Your assignment
In full and without error, repeat the entries below.

- - - -

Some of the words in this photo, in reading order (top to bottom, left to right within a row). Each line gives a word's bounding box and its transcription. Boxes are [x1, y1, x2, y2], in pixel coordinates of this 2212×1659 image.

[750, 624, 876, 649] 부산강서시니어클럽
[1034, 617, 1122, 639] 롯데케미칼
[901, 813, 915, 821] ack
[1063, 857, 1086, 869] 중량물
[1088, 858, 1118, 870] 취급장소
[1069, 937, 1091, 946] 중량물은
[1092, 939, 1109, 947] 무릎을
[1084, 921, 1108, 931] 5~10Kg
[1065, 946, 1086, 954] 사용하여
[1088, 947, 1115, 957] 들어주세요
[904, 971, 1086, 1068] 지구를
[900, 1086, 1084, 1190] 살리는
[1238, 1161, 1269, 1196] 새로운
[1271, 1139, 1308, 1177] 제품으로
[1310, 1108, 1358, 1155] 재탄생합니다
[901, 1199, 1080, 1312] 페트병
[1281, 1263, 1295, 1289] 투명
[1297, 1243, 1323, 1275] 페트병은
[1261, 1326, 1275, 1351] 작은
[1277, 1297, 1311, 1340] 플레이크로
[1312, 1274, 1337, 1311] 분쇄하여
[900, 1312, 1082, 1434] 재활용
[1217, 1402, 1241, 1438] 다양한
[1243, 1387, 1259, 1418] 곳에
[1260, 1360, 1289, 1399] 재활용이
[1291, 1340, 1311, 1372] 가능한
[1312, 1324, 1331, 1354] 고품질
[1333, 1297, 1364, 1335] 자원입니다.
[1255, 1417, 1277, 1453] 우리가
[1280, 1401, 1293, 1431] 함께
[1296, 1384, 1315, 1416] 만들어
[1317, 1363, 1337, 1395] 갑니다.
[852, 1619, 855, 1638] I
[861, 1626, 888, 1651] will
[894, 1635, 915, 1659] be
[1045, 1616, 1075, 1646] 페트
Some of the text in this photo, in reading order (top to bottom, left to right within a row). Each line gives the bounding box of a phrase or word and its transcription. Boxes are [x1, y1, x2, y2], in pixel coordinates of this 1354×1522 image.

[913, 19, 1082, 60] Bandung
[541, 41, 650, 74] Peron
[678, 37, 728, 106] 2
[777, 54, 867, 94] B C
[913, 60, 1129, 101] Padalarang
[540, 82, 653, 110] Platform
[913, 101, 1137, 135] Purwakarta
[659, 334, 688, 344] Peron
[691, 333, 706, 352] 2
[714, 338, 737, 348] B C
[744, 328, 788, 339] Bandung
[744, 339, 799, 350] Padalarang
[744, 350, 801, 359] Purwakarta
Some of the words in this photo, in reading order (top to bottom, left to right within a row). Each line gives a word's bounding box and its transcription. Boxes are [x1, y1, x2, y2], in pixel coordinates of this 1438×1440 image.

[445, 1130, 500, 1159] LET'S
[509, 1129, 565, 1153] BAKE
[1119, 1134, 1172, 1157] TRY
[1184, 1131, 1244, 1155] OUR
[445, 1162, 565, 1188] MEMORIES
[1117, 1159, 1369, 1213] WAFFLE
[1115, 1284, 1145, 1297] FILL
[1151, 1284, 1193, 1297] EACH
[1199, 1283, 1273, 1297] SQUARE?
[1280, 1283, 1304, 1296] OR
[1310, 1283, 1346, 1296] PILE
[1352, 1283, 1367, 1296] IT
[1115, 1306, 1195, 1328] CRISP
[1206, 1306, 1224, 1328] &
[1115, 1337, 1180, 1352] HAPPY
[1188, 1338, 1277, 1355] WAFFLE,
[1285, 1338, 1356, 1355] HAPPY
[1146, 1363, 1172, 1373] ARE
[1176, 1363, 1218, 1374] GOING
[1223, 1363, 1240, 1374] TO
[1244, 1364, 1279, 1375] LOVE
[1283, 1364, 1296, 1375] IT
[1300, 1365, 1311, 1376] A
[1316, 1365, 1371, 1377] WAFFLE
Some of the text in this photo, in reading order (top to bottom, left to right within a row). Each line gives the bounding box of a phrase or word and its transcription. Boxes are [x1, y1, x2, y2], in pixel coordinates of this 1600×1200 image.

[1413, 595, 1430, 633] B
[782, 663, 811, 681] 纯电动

- - - -

Written solution
Some of the words in this photo, in reading order (top to bottom, left to right within a row). Each line gives a word's bounding box and its transcription. Boxes are [x1, y1, x2, y2], in pixel coordinates of this 2212×1659 image.

[750, 624, 876, 649] 부산강서시니어클럽
[1034, 617, 1122, 639] 롯데케미칼
[901, 813, 915, 821] ack
[1063, 857, 1086, 869] 중량물
[1088, 858, 1118, 870] 취급장소
[1069, 937, 1091, 946] 중량물은
[1092, 939, 1109, 947] 무릎을
[1084, 921, 1108, 931] 5~10Kg
[1065, 946, 1086, 954] 사용하여
[1088, 947, 1115, 957] 들어주세요
[904, 971, 1086, 1068] 지구를
[900, 1086, 1084, 1190] 살리는
[1238, 1161, 1269, 1196] 새로운
[1271, 1139, 1308, 1177] 제품으로
[1310, 1108, 1358, 1155] 재탄생합니다
[901, 1199, 1080, 1312] 페트병
[1281, 1263, 1295, 1289] 투명
[1297, 1243, 1323, 1275] 페트병은
[1261, 1326, 1275, 1351] 작은
[1277, 1297, 1311, 1340] 플레이크로
[1312, 1274, 1337, 1311] 분쇄하여
[900, 1312, 1082, 1434] 재활용
[1217, 1402, 1241, 1438] 다양한
[1243, 1387, 1259, 1418] 곳에
[1260, 1360, 1289, 1399] 재활용이
[1291, 1340, 1311, 1372] 가능한
[1312, 1324, 1331, 1354] 고품질
[1333, 1297, 1364, 1335] 자원입니다.
[1255, 1417, 1277, 1453] 우리가
[1280, 1401, 1293, 1431] 함께
[1296, 1384, 1315, 1416] 만들어
[1317, 1363, 1337, 1395] 갑니다.
[852, 1619, 855, 1638] I
[861, 1626, 888, 1651] will
[894, 1635, 915, 1659] be
[1045, 1616, 1075, 1646] 페트
Some of the text in this photo, in reading order (top to bottom, left to right within a row). Each line gives the bounding box of a phrase or word and its transcription. Boxes are [x1, y1, x2, y2], in pixel coordinates of this 1354×1522 image.

[913, 19, 1082, 60] Bandung
[541, 41, 650, 74] Peron
[678, 37, 728, 106] 2
[777, 54, 867, 94] B C
[913, 60, 1129, 101] Padalarang
[540, 82, 653, 110] Platform
[913, 101, 1137, 135] Purwakarta
[659, 334, 688, 344] Peron
[691, 333, 706, 352] 2
[714, 338, 737, 348] B C
[744, 328, 788, 339] Bandung
[744, 339, 799, 350] Padalarang
[744, 350, 801, 359] Purwakarta
Some of the words in this photo, in reading order (top to bottom, left to right within a row). Each line gives a word's bounding box and its transcription. Boxes are [x1, y1, x2, y2], in pixel coordinates of this 1438×1440 image.

[445, 1130, 500, 1159] LET'S
[509, 1129, 565, 1153] BAKE
[1119, 1134, 1172, 1157] TRY
[1184, 1131, 1244, 1155] OUR
[445, 1162, 565, 1188] MEMORIES
[1117, 1159, 1369, 1213] WAFFLE
[1115, 1284, 1145, 1297] FILL
[1151, 1284, 1193, 1297] EACH
[1199, 1283, 1273, 1297] SQUARE?
[1280, 1283, 1304, 1296] OR
[1310, 1283, 1346, 1296] PILE
[1352, 1283, 1367, 1296] IT
[1115, 1306, 1195, 1328] CRISP
[1206, 1306, 1224, 1328] &
[1115, 1337, 1180, 1352] HAPPY
[1188, 1338, 1277, 1355] WAFFLE,
[1285, 1338, 1356, 1355] HAPPY
[1146, 1363, 1172, 1373] ARE
[1176, 1363, 1218, 1374] GOING
[1223, 1363, 1240, 1374] TO
[1244, 1364, 1279, 1375] LOVE
[1283, 1364, 1296, 1375] IT
[1300, 1365, 1311, 1376] A
[1316, 1365, 1371, 1377] WAFFLE
Some of the text in this photo, in reading order (top to bottom, left to right within a row). Each line gives the bounding box of a phrase or word and its transcription. Boxes are [x1, y1, x2, y2], in pixel coordinates of this 1600×1200 image.

[1413, 595, 1430, 633] B
[782, 663, 811, 681] 纯电动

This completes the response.